I've been in a relationship with my boyfriend for about 7 months, I'm 27 and he's 30. His ex girlfriend cheated on him with with a few different guys and I can see that it has affected him quite a bit, especially since they broke up about 4 years ago. He didn't have a serious relationship until he met me.

 

Before we met, I booked a 3 week trip overseas (L.A, Vegas and New York). When we first met, he knew I was leaving for 3 weeks and he seemed fine about it. Within a few months, I noticed that he started acting funny around me and getting moody for no reason. He was also being very distant, so when I asked him what his problem was, he told me that it was about me going away. He basically thinks that I'm going to cheat on him while I'm there. He told me that if I cared about him, I would have cancelled the trip, even though I'd already paid for flights and accommodation. Naturally, I was initially angry at him for thinking that of me, but then I realised he has these fears of me cheating which stem from his previous relationship. We discussed things and then he apologised for acting that way and we seemed to resolve everything for a while, even though I noticed that when I mentioned anything about the holiday, he would go quiet.

 

Now that my trip is only a few weeks away, I've noticed him doing the same thing again. He's keeping his distance and being extra moody. I haven't seen him all week, which is unusual. When I questioned him about it, he told me he was busy with work and studies etc. I let it go because I know he works hard, but I knew deep down this had something to do with my trip. I couldn't handle it anymore so I contacted him today to ask if he was doing this because of the trip and he admitted that he was. He then told me that all girls cheat when they go overseas and he's making me feel bad about leaving.

 

Just so you all know, I also asked him to join us on the trip but he said that he couldn't go, so it's not like I told him that he wasn't welcome to join us. I'm only going with a female cousin of mine who is a little older than me and we both really needed to get away. If we wanted to get loaded, we could easily do that at home and If I wanted to go to meet guys, I wouldn't have gone into a relationship with him - something I've explained to him already but it clearly doesn't sink in.

 

I really just want to get some advice on how to handle the situation. I know his insecurities are something he needs to sort out himself, but I guess I would like to know how to approach the situation the right way. I feel like no matter what I say, it doesn't mean anything to him and he makes out that I'm telling lies and that I don't know what I'm capable of doing while I'm there.
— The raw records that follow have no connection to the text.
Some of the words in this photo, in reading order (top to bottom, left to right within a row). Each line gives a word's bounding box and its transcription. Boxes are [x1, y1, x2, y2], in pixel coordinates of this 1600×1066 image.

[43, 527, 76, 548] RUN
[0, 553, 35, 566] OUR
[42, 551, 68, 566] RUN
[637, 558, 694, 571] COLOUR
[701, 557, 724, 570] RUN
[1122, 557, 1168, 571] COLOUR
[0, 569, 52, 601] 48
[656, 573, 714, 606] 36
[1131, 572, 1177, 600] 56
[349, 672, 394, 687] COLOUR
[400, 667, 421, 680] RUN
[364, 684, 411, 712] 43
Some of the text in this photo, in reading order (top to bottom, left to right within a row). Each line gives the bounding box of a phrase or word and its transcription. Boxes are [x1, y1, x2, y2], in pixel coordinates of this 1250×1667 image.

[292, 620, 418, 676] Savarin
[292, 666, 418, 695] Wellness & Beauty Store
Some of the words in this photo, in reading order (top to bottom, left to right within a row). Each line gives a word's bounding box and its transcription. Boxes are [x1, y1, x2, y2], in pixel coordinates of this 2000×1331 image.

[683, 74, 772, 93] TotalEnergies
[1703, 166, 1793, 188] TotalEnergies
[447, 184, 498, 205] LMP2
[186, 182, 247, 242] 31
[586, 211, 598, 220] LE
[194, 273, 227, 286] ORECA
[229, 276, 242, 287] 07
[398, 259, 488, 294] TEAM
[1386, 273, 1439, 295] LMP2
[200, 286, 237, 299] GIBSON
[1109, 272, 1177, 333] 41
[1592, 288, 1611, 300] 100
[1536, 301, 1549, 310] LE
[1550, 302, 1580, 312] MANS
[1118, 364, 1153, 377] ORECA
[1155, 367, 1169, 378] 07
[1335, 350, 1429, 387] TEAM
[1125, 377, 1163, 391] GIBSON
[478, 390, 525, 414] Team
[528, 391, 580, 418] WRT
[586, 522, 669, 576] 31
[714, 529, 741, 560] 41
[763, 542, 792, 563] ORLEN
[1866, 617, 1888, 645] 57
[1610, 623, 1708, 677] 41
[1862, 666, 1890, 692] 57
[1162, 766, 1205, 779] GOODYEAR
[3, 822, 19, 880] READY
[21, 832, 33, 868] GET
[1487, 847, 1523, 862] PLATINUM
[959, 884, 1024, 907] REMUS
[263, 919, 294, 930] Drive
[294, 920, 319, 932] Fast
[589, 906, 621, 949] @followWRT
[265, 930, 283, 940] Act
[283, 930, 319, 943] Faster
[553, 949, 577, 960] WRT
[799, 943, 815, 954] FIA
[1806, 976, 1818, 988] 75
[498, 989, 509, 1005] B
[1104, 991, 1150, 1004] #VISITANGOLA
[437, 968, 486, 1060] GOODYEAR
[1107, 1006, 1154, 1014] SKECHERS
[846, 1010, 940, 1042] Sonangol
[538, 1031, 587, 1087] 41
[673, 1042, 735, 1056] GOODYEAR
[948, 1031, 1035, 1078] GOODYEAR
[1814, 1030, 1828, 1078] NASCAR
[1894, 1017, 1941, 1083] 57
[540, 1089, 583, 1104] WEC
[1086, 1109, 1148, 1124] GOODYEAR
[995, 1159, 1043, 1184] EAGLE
I'm not even looking forward to going now because of this :(. I know they say that time apart can either make or break a relationship and I'm so worried about leaving because I don't want it to be the latter. Any advice would be much appreciated.

Edited by rose27
Mistakes
Posted

Sounds like he is insecure. I would just be sweet to him but don't go over the top with the reassurance. If he will talk about it that would be ideal but if he won't try not to make a big deal over it bc it might add fuel to the fire.

 

If you don't change your behavior it might make him feel more stable.

  • Like 1
Posted

Try to reassure him. Don't change your plans. Keep regular, but reasonable communication with him during the trip. Discuss what this will look like.

  • Like 3
Posted

My ex fiancee cheated on me and as we were working through it she and her family did a trip to south africa. I didnt want to stop her from going but i knew i would be beside myself.

 

Being cheated on by a long term serious partner almost gives you ptsd. Things can trigger it and it took me two years after i broke up with her to get completely over it, and i broke up with her 2 years after it happened.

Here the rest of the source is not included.